● **Task to complete**:
I'd like the entries that follow repeated exactly, with the pictures left out.

● **Source information**:
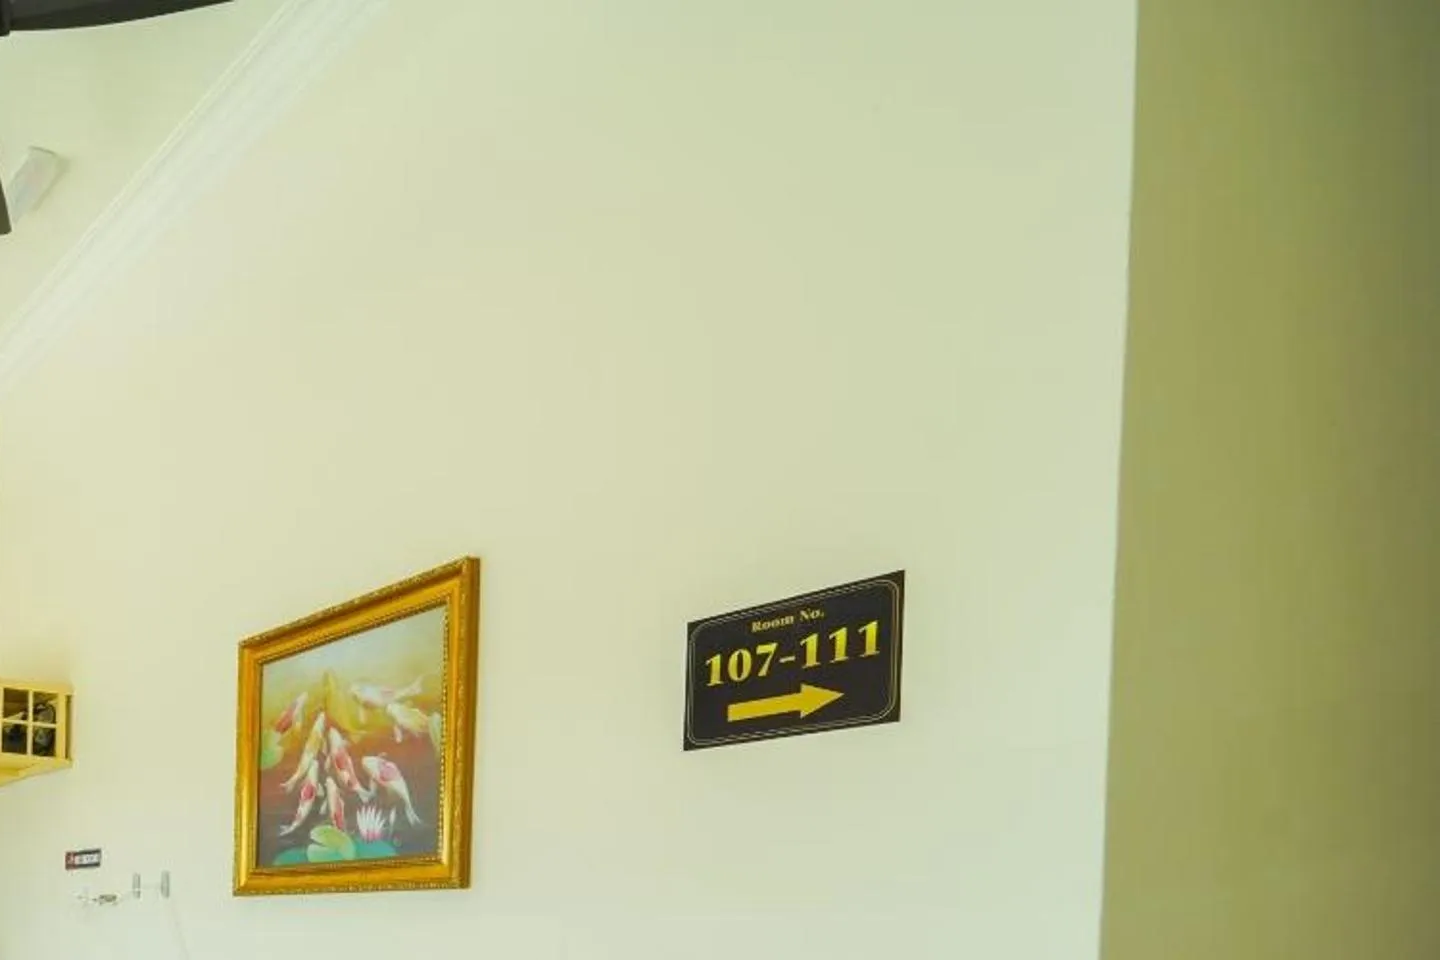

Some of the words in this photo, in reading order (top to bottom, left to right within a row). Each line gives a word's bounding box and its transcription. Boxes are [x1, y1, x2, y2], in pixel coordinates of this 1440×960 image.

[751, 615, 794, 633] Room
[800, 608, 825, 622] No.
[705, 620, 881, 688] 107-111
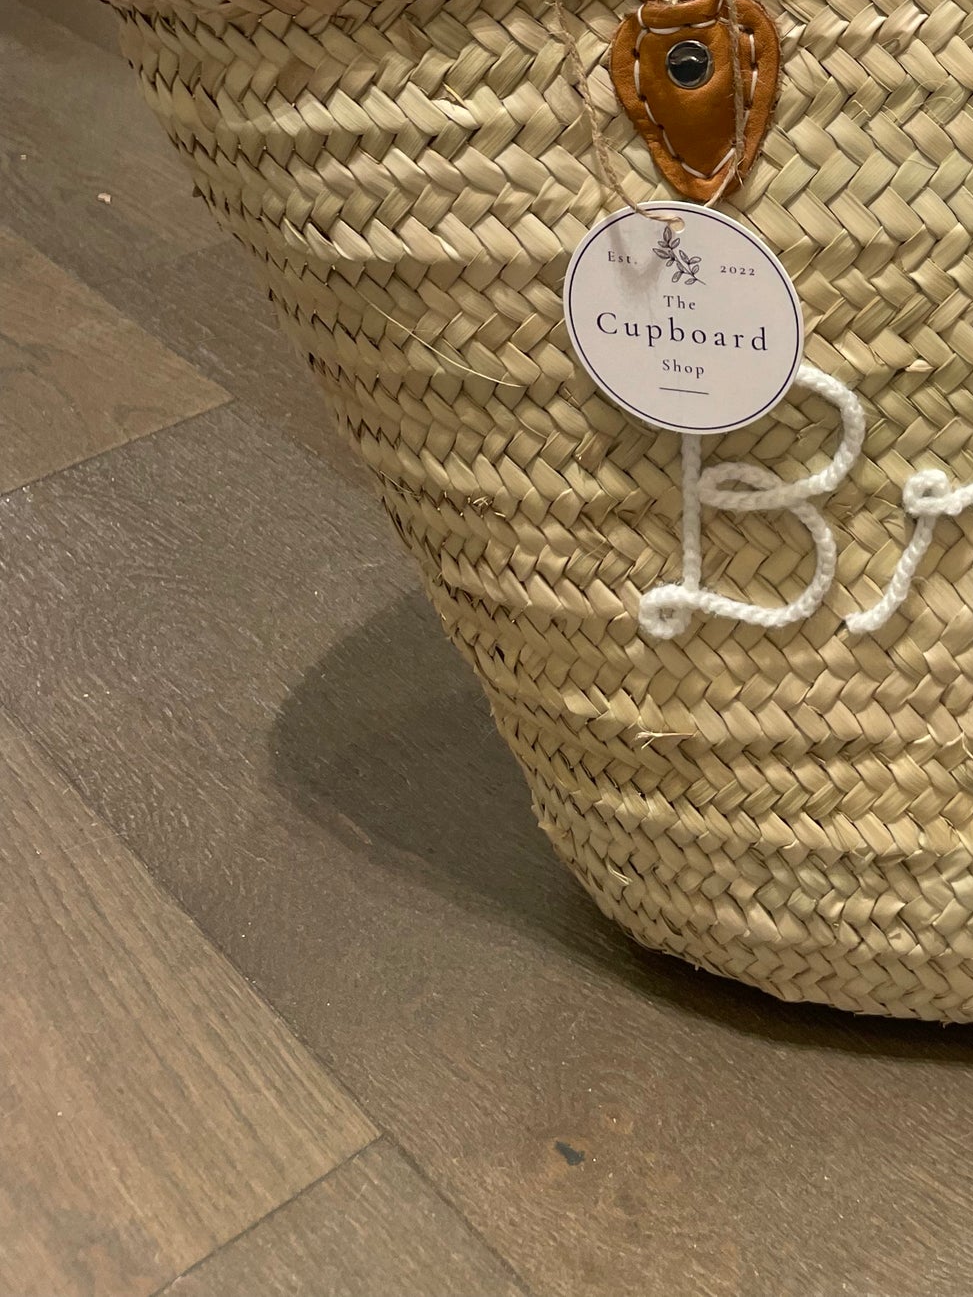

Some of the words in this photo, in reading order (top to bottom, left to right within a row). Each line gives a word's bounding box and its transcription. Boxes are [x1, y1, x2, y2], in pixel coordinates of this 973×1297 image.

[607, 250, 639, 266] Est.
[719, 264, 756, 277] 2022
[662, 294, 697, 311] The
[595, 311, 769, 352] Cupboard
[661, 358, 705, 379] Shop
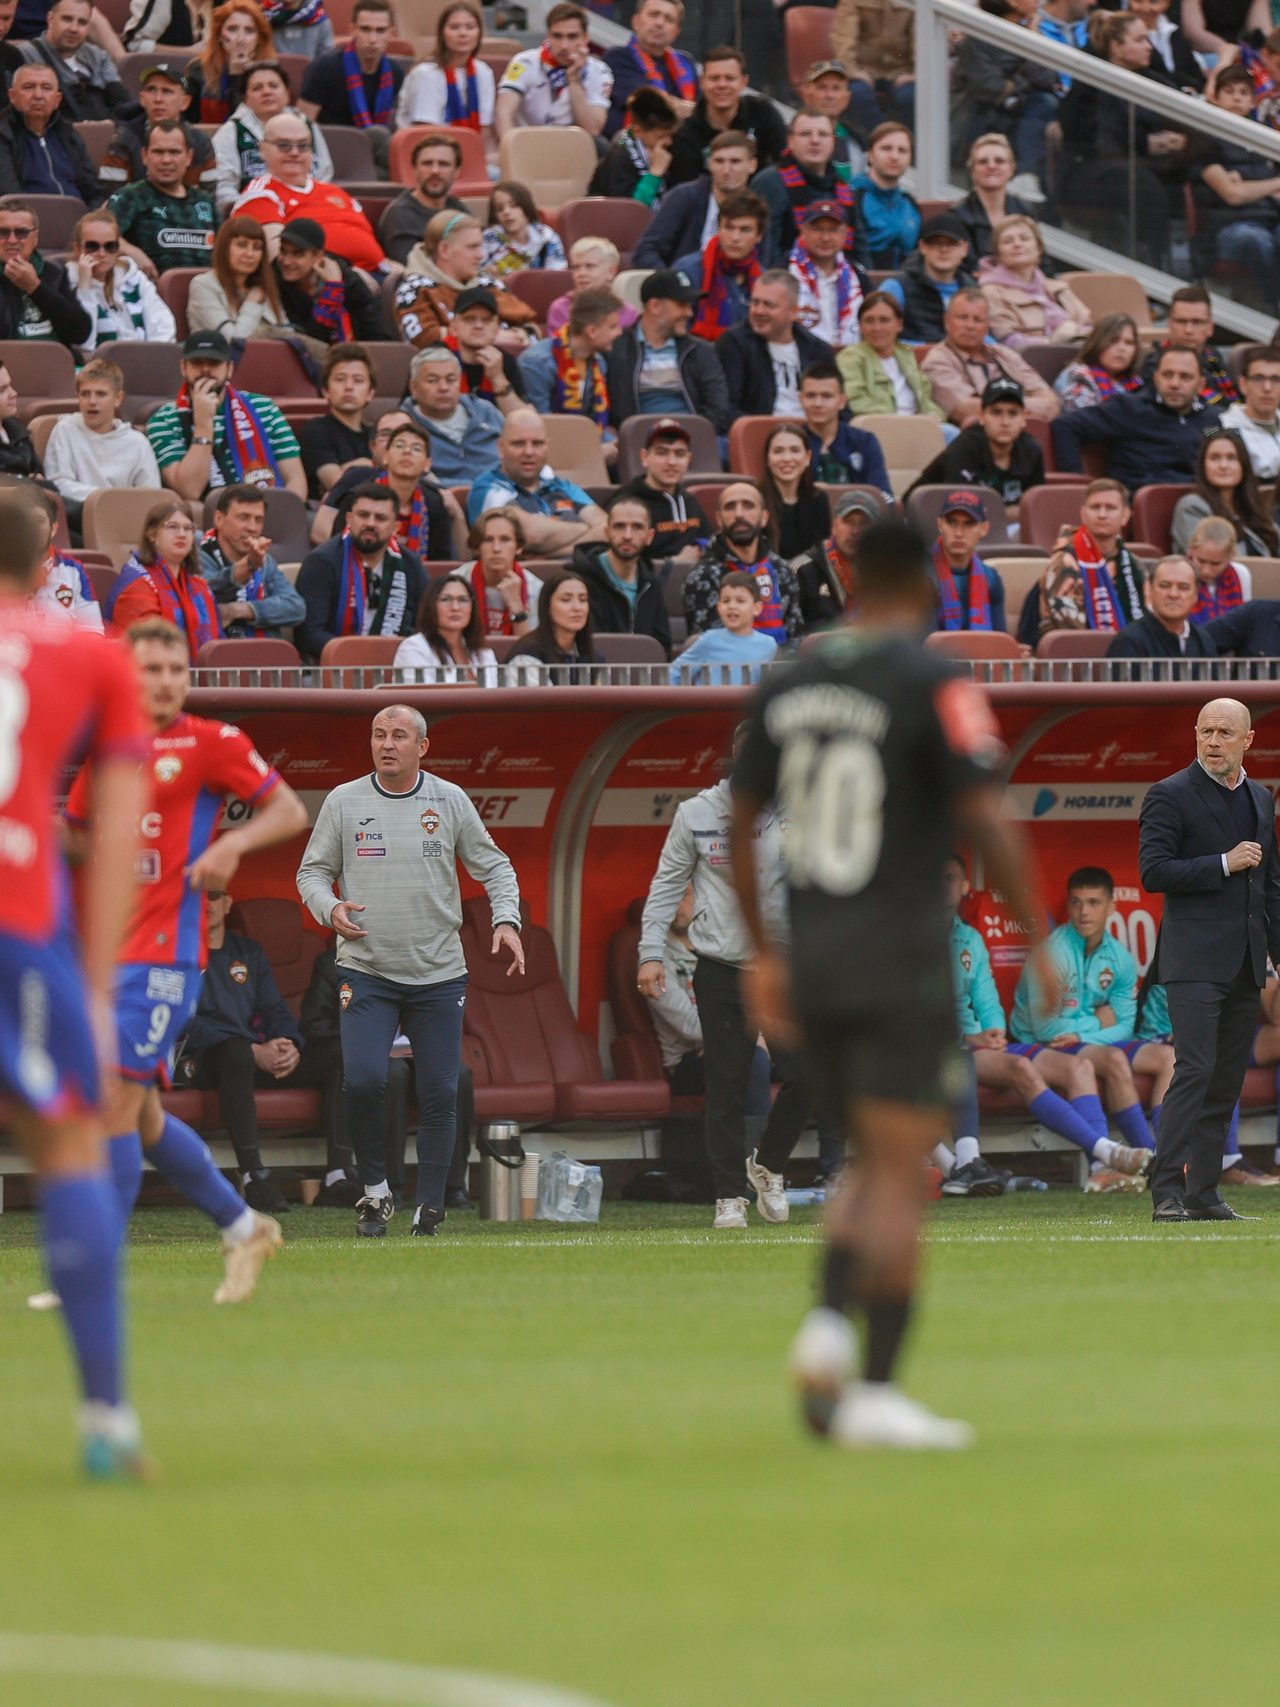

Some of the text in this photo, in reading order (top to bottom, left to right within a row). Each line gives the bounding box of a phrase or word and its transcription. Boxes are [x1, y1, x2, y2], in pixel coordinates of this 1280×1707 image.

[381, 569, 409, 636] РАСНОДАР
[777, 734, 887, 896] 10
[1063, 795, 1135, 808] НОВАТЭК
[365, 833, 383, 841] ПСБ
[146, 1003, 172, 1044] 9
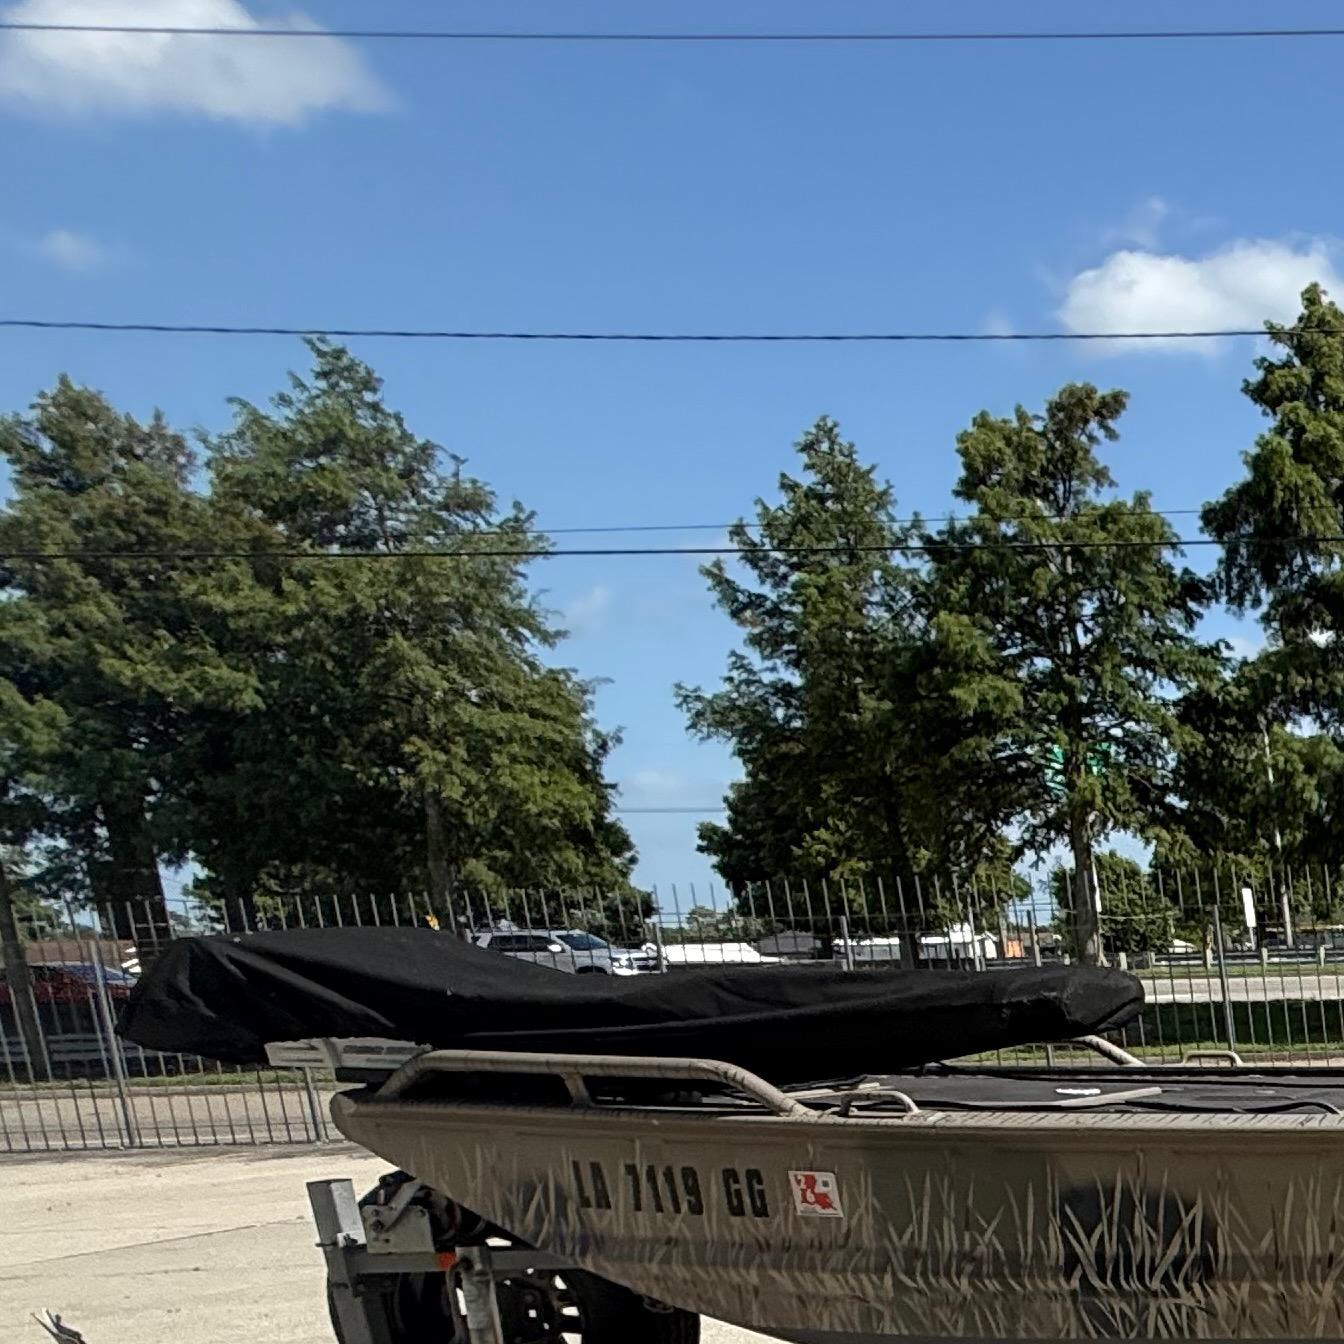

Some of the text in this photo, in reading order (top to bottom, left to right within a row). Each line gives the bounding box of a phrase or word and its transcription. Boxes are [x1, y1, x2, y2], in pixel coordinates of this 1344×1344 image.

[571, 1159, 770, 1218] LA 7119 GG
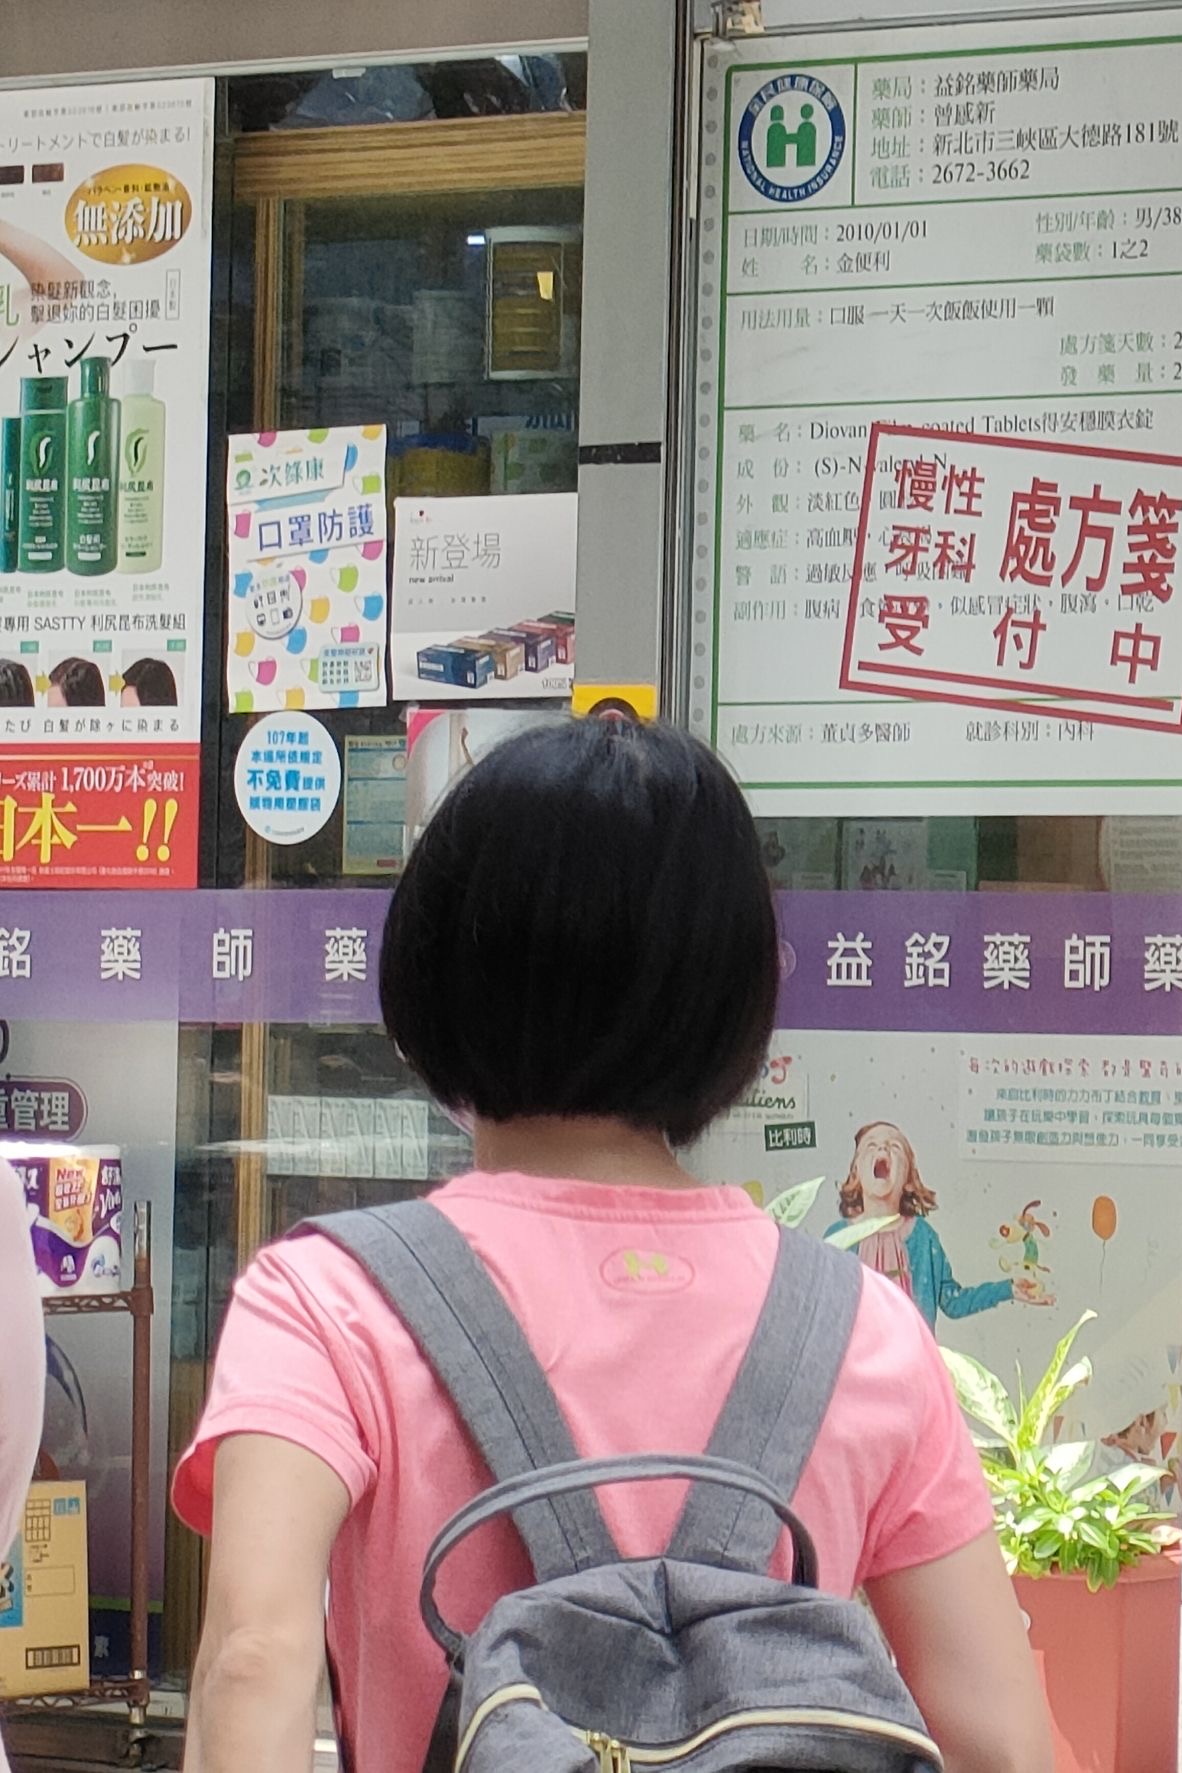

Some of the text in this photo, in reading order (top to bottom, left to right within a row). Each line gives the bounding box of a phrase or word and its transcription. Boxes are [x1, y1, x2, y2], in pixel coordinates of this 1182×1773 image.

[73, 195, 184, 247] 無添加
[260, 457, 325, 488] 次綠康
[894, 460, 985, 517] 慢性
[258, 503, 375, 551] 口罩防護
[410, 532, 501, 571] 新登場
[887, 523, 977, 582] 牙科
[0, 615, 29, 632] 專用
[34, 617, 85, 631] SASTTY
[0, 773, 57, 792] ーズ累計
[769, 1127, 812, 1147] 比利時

● **Result of the task**:
Some of the words in this photo, in reading order (top to bottom, left to right within a row). Each line gives a word's bounding box and its transcription. Boxes are [x1, y1, x2, y2], in pixel coordinates of this 1440×960 image.

[751, 615, 794, 633] Room
[800, 608, 825, 622] No.
[705, 620, 881, 688] 107-111

Some of the words in this photo, in reading order (top to bottom, left to right within a row). Each line gives a word's bounding box and its transcription. Boxes are [x1, y1, x2, y2], in pixel coordinates of this 973×1297 image.

[607, 250, 639, 266] Est.
[719, 264, 756, 277] 2022
[662, 294, 697, 311] The
[595, 311, 769, 352] Cupboard
[661, 358, 705, 379] Shop

Some of the text in this photo, in reading order (top to bottom, left to right within a row). Each line gives the bounding box of a phrase or word and its transcription. Boxes are [x1, y1, x2, y2], in pixel coordinates of this 1280×1707 image.

[381, 569, 409, 636] РАСНОДАР
[777, 734, 887, 896] 10
[1063, 795, 1135, 808] НОВАТЭК
[365, 833, 383, 841] ПСБ
[146, 1003, 172, 1044] 9

Some of the text in this photo, in reading order (top to bottom, left to right within a row). Each line gives the bounding box of a phrase or word and its transcription. Boxes are [x1, y1, x2, y2], in pixel coordinates of this 1344×1344 image.

[571, 1159, 770, 1218] LA 7119 GG

Some of the text in this photo, in reading order (top to bottom, left to right within a row). Each line gives the bounding box of a phrase or word and its transcription. Boxes are [x1, y1, x2, y2], in pixel coordinates of this 1182×1773 image.

[73, 195, 184, 247] 無添加
[260, 457, 325, 488] 次綠康
[894, 460, 985, 517] 慢性
[258, 503, 375, 551] 口罩防護
[410, 532, 501, 571] 新登場
[887, 523, 977, 582] 牙科
[0, 615, 29, 632] 專用
[34, 617, 85, 631] SASTTY
[0, 773, 57, 792] ーズ累計
[769, 1127, 812, 1147] 比利時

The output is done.